INSIDE THIS ISSUE
Recently, the European Union published its Directive of Antitrust Damages Claims (the “Directive”) in the Official Journal. The Directive came into force on December 16, 2014. Nation states within the EU will have two years to implement the tenets of the Directive into their national legal systems.
The Directive is aimed at bridging the needs between public enforcement of competition laws, typically carried out by the European Commission, and the need for private parties that are harmed by the same conduct to have a course of redress for their injuries. In 2013, the Commission estimated the damages caused by anticompetitive cartels in the EU to be between €25 billion and €69 billion per year.
The Directive aims to allow anyone, whether a direct or indirect purchaser, that was injured by the violation of competition law (Article 101/103 of the Treaty on the Functioning of the European Union or similar national competition laws) to bring a private claim for compensation for their injuries. Compensation includes actual loss and loss of profits, plus interest which runs from the time of the injury. All participants in a cartel can be held liable for all of the damages inflicted, similar to joint and several liability in the United States. However, alleged violators are entitled to a pass-on defense, allowing them to attempt to show that a claimant passed on all or part of the supracompetitive price to its consumers.
One of the other main issues addressed by the Directive is how to better provide claimants with access to evidence that can help prove their claims. To this end, once the national courts implement the Directive, those courts can order a defendant or a national competition enforcement authority to turn over evidence. The standards are similar to those in the United States, in that claimants must specify the relevant categories of evidence that they hope to obtain, but in the context that it would be impossible for claimants to specify evidence that they cannot be sure is in the defendant’s possession. Further, national competition authorities will only be compelled to hand over evidence if no party or third party is in possession of the evidence.
Certain types of evidence are limited, and some are outright prohibited from being turned over. Documents that cannot be disclosed, referred to as “black-listed,” include leniency statements or settlement submissions made to competition authorities. This prohibition is limited and does not include documents that pre-existed the settlement submission or leniency application. Other types of documents can only be turned over after the competition authority has closed its investigation. These “grey-listed” documents include responses to requests for information, statements of objection, or settlement submissions that have since been withdrawn.
The Directive gives courts the power to impose penalties for a party’s failure to comply with any disclosure order, destruction of evidence, failure to adhere to protective orders, or breaches of the limits regarding the use of evidence.
The Directive creates two rebuttable presumptions that aim to help claimants. The first is the presumption that cartels do cause harm. The second is that, if a violation caused overcharges to a direct purchaser, indirect purchasers also suffered some injury by inflated prices. The latter presumption is rebuttable by establishing the above-mentioned pass-on defense.

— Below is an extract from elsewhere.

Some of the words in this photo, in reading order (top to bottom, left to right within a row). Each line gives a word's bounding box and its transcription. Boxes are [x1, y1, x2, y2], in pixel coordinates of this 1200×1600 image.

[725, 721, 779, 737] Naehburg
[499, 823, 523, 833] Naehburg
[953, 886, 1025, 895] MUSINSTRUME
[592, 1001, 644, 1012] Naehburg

Under the Directive, findings by the European Commission or national competition authorities are considered definitive proof of a violation of the competition laws before a nation’s own civil courts. Decisions made by another EU member state’s courts can also be used as prima facie evidence that a violation occurred.
The limitations period for the filing of follow-on actions for damages has been extended by the Directive. Claimants have five years from the time they are reasonably able to ascertain damages and identify the infringer, but the limitations period is tolled by any competition authority beginning an investigation. Tolling ends one year after the relevant decision has become final, meaning all appeals have been completed.

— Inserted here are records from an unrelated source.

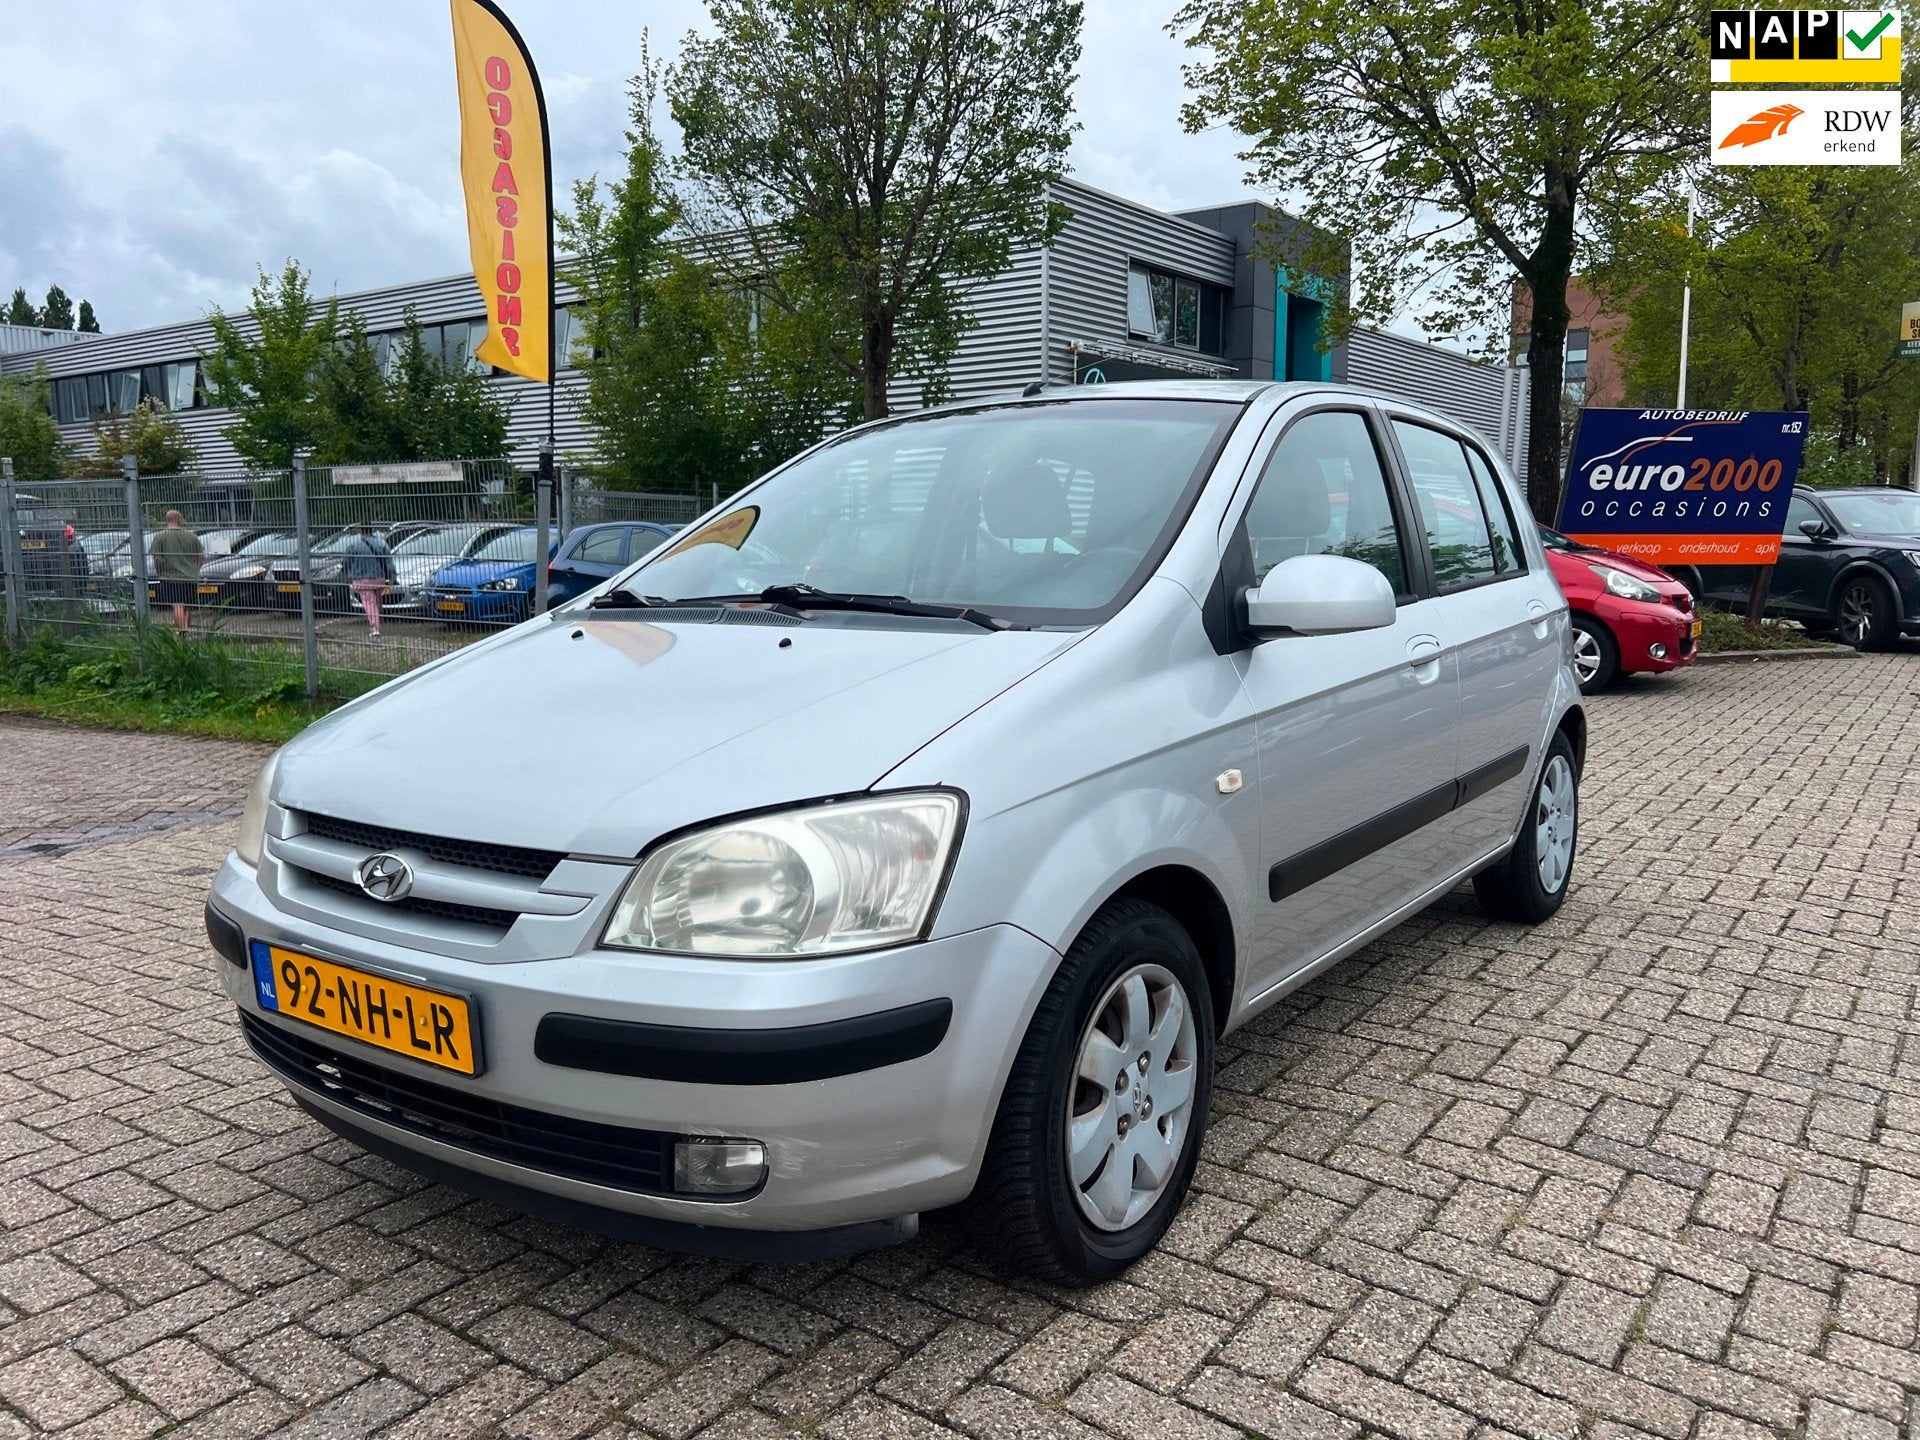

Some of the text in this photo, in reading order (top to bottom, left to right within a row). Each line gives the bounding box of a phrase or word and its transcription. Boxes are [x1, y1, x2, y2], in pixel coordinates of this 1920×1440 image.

[1639, 410, 1750, 421] AUTOBEDRIJF
[1588, 458, 1783, 492] euro2000
[1581, 497, 1772, 517] occasions
[1616, 542, 1776, 555] verkoop onderhoud apk
[261, 981, 275, 998] NL
[281, 959, 460, 1060] 92-NH-LR
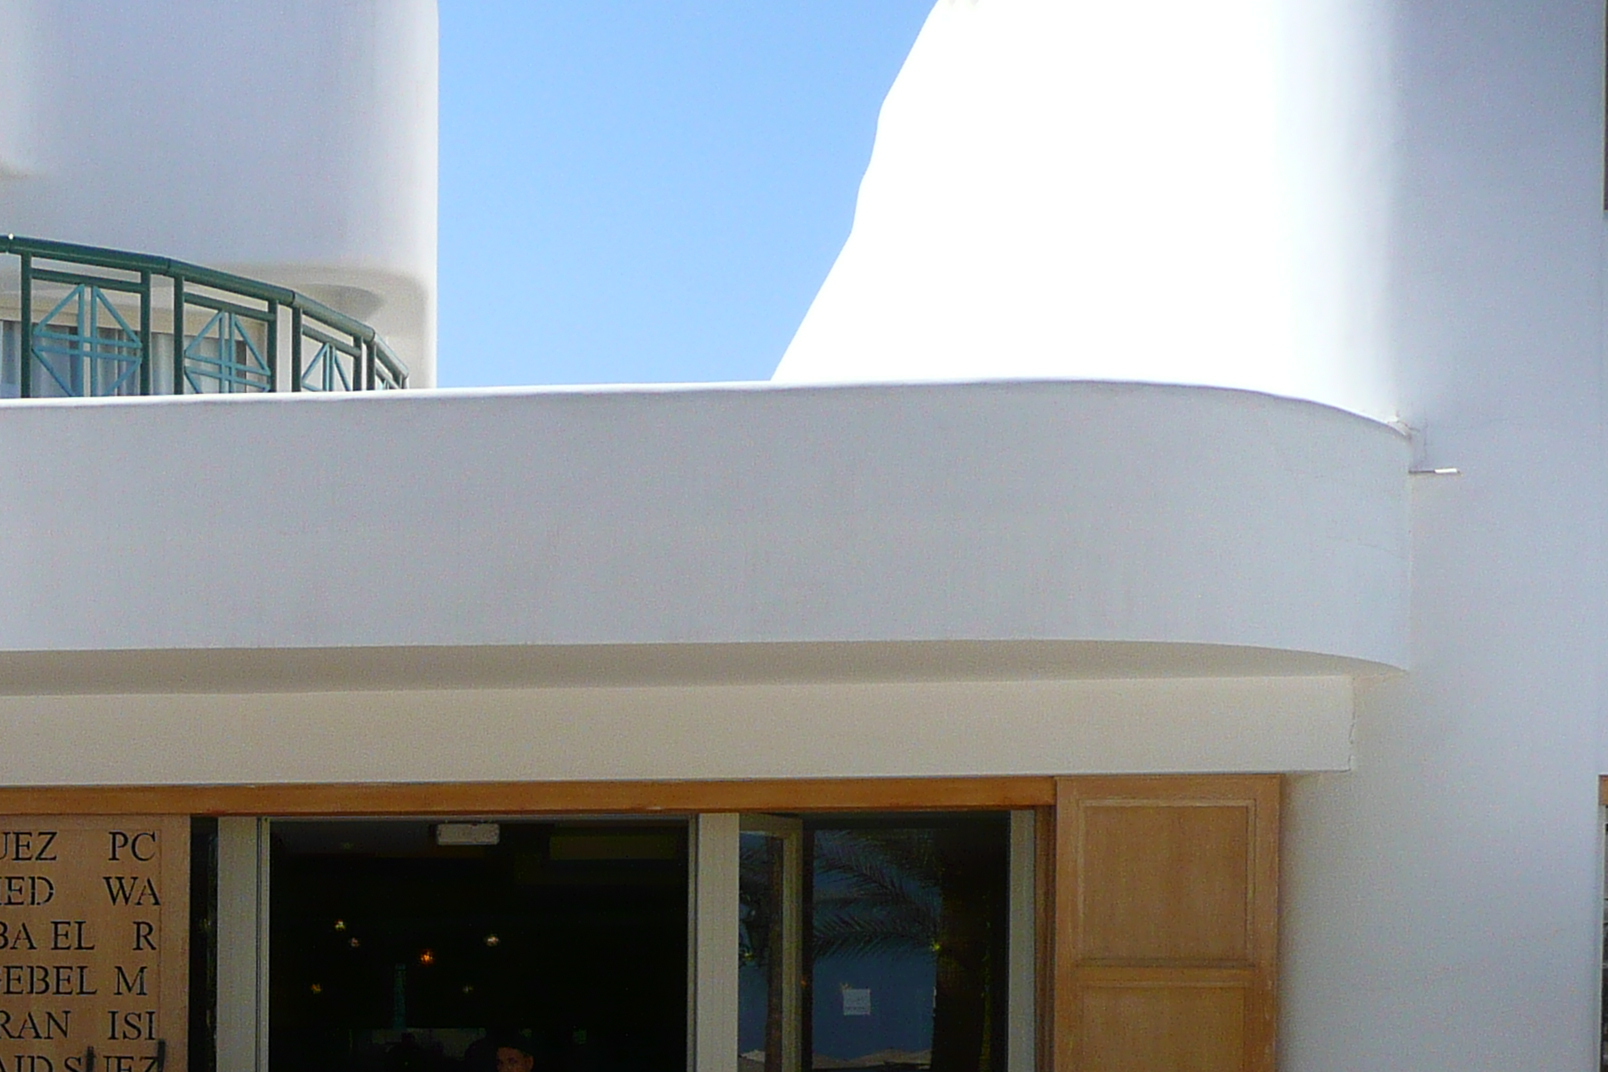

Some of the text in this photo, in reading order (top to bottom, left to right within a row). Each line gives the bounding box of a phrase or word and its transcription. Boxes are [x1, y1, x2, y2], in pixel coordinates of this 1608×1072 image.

The Directive is a welcome addition for those private entities in the EU that have suffered injuries from cartels that violate competition laws. Its implementation will allow such companies and individuals to bring their own claims in their country’s courts to be compensated for cartelists’ violations.
On November 25, 2014, the Honorable Judge Jesse Furman of the United States District Court for the Southern District of New York appointed Scott+Scott, Attorneys at Law, LLP as co-lead counsel to represent a class of investors who filed suit against 15 of the world’s largest banks and financial institutions for their manipulation of the ISDAfix benchmark rate. In doing so, Judge Furman recognized the extensive pre-suit investigation into the wrongdoing that Scott+Scott conducted, as well as the firm’s experience in handling similar complex antitrust and collusion cases.

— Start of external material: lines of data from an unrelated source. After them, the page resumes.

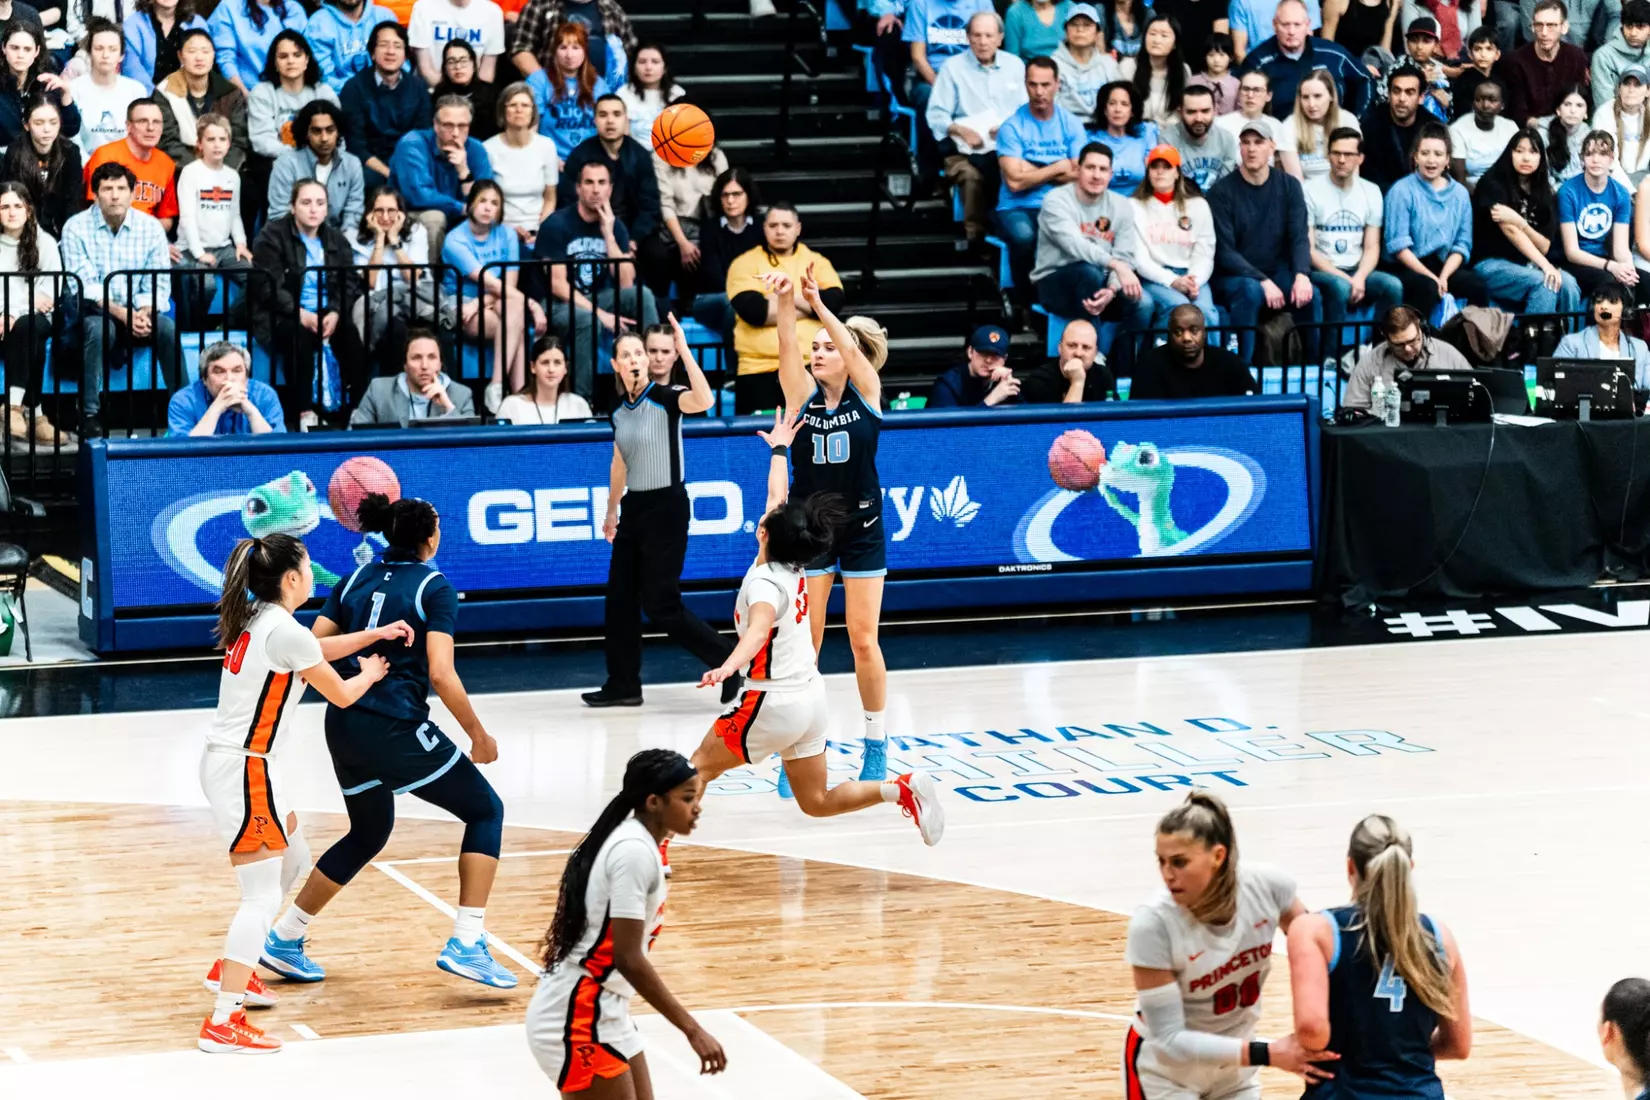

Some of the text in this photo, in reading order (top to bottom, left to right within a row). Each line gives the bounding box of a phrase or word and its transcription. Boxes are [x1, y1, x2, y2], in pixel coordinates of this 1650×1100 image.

[434, 26, 481, 42] LION
[803, 409, 861, 430] COLUMBIA
[811, 430, 851, 464] 10
[467, 481, 745, 545] GEIO
[383, 571, 393, 581] C
[998, 563, 1053, 573] DAKTRONICS
[364, 591, 387, 632] 1
[415, 722, 440, 752] C
[1183, 717, 1279, 733] D.
[702, 729, 1438, 797] SHILLER
[953, 770, 1249, 802] COURT
[1373, 953, 1407, 1012] 4

ISDAfix is a key financial benchmark that is used to determine payments for a wide variety of financial instruments like interest rate swaps, swaptions (swap-options), as well as structured notes and bonds. ISDAfix is an important benchmark because interest rate swaps and other derivatives are frequently used by public entities and other investors to hedge risks against fluctuating interest rates and market disruptions. ISDAfix is based on market price submissions that the world’s largest banks make to ICAP, Plc, a financial broker that was long responsible for administering ISDAfix in the United States. Once the rates are calculated, they are distributed worldwide to banks, corporate treasurers, money managers, and other institutions active in the derivatives markets.
The plaintiffs in the ISDAfix litigation allege that 15 of the world’s largest banks, including JP Morgan Chase, Bank of America, Citigroup, and others colluded together and with broker ICAP, Plc to submit inaccurate quotes and to delay the publication of pricing updates until after their collusive trades occurred. In April 2013, Bloomberg reported that the Commodity Futures Trading Commission (“CFTC”) issued subpoenas to as many as 15 dealer banks and to ICAP, Plc regarding their ISDAfix submissions and the process by which the rate is set. Bloomberg also reported that “[r]ecorded telephone calls and e-mails reviewed by [the CFTC] show that traders at Wall Street banks instructed ICAP, Plc brokers in Jersey City, New Jersey, to buy or sell as many interest-rate swaps as necessary to move the benchmark rate, known as ISDAfix, to a predetermined level[.]” In September 2014, it was further reported that the United States Department of Justice was alerted by the CFTC that its investigation uncovered evidence of criminal behavior.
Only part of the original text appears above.